As was the case for the OVH attack, the Internet of Things was quickly singled out. Indeed, some of the attack agents were actually connected objects. In August, Sucuri detected a joint attack of 47,071 IP addresses whose agents were connected cameras (IoT CCTV Botnet), domestic routers (IoT Home Routers Botnet, mostly, but not exclusively, Huawei routers…) and compromised Web servers (possibly a WordPress Botnet). The attack against KrebsOnSecurity was nearly identical: webcams, routers and digital video recorders (DVR). 2016 will go down in history as the year of unprecedented joint attacks launched by multiplatform botnets rooted partly or entirely in the Internet of Things and controlled by a single operator.
Symantec has already catalogued a score of malware families targeting Linux’s IoT systems and cross-compiled for a variety of architectures: x86, ARM, MIPS, MIPSEL, PowerPC, SuperH, SPARC, etc.

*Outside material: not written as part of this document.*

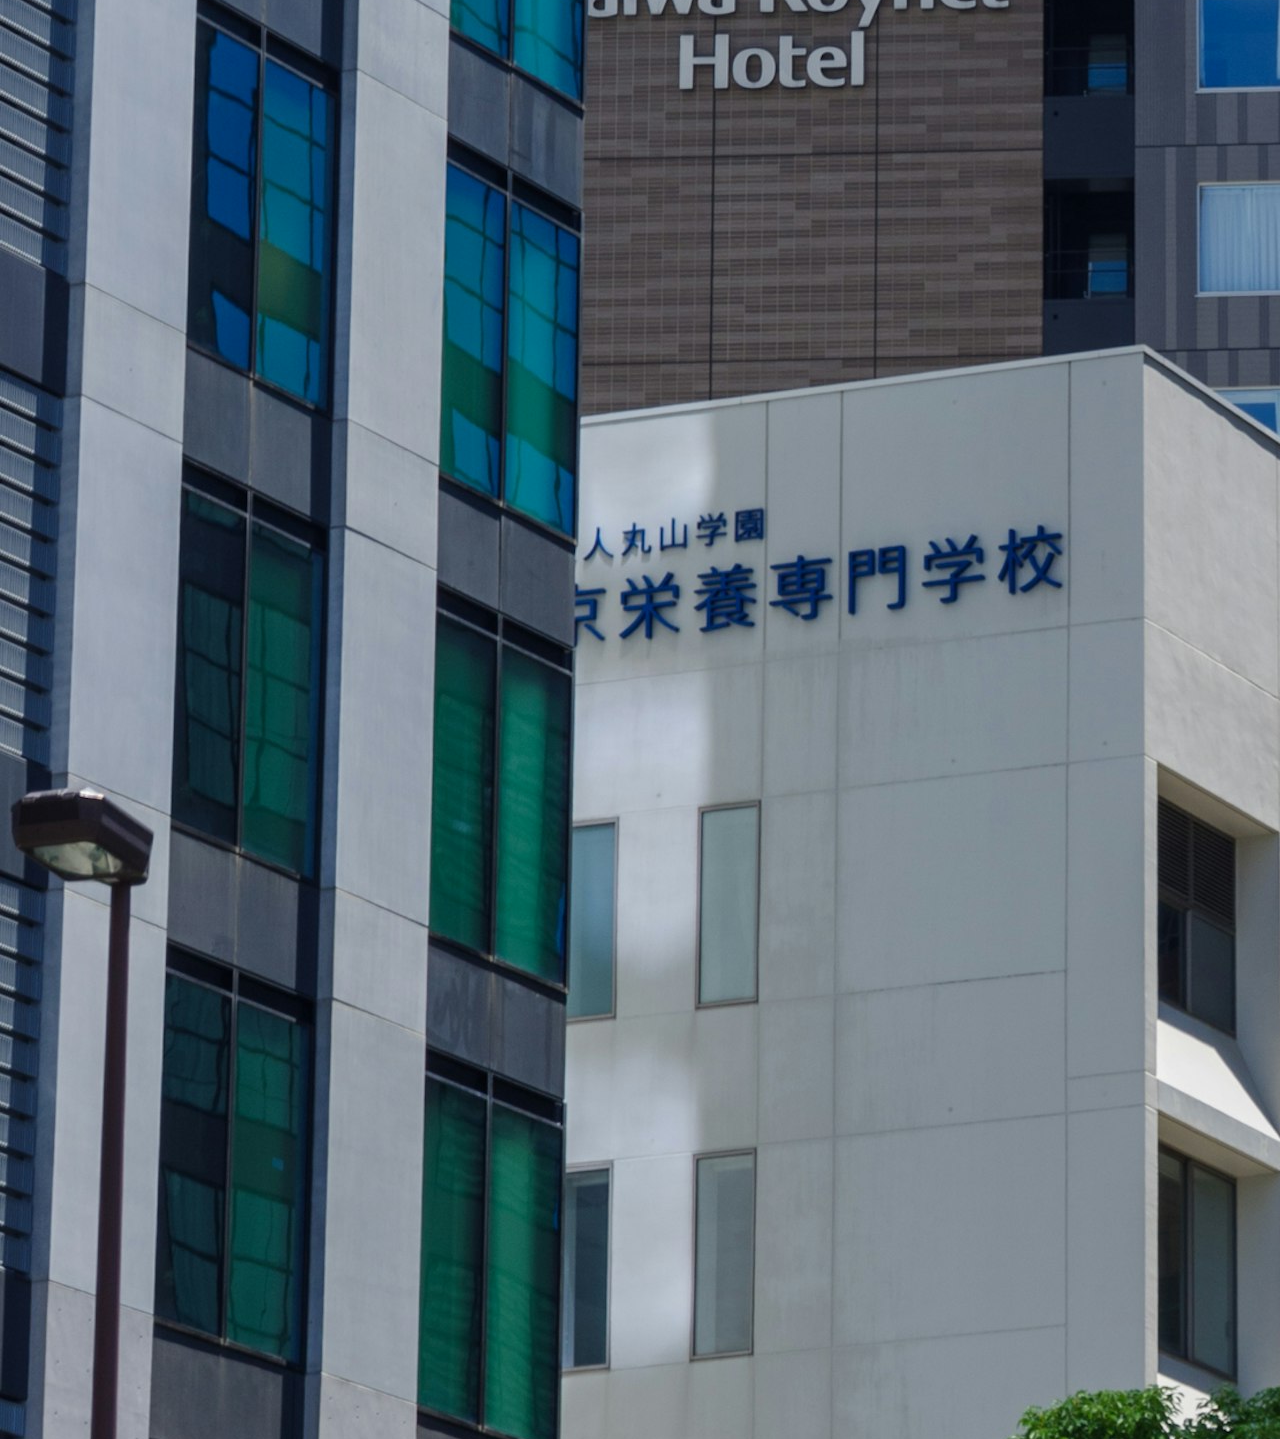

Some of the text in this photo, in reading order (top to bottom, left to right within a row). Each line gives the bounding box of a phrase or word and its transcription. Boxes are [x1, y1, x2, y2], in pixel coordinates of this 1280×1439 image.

[678, 30, 866, 90] Hotel
[583, 507, 767, 562] 人丸山学園

Linux itself has said that it doesn’t take much skill to manipulate connected objects, due to flawed design. Their design is so poor, in fact, that they are wide open to the clumsiest large-scale attacks. Two-bit hackers (and soon “script kiddies”) can easily overwhelm powerful servers and quash freedom of expression. The democratization of censure is coming.
In the end, KrebsOnSecurity came back on-line on September 25 thanks to the support of one of the few companies with the financial and technical wherewithal to fend off such wholesale attacks: Google (Project Shield). But unless you’re Brian Krebs, don’t count on free protection from a large company in case of attack… The rest of us – authors, journalists, bloggers, etc., fork over up to $200,000 per year to Akamai and others to protect our blogs.
Internet of Junk
The Internet of Things has morphed into the Internet of Junk (IoJ), a giant mass of objects riddled with security flaws that are never monitored or updated and are ripe for recruitment by crime networks. And the more objects are connected, the greater the potential scale of the attacks, to the point where the entire Internet could be taken down.
In the not-too-distant future, your fridge will do cryptocurrency mining, your toaster will send spam, your vacuum cleaner will spread viruses and your television will launch Denial-of-Service attacks. You’ll notice Netflix and YouTube running slowly, but you’ll blame it on your Internet service provider.
Last year, in an attempt to address the issue, the industry created the IoT Security Foundation, dedicated to the sharing of knowledge and best practices. This development, though welcome, may not be sufficient. Currently, anyone can sell unsecured or flawed connected objects — as we have seen —, and consumer protection is weak or non-existent in most countries. Brian Krebs concluded, “I don’t know what it will take to wake the larger Internet community out of its slumber to address this growing threat to free speech and ecommerce. My guess is it will take an attack that endangers human lives, shuts down critical national infrastructure systems, or disrupts national elections.”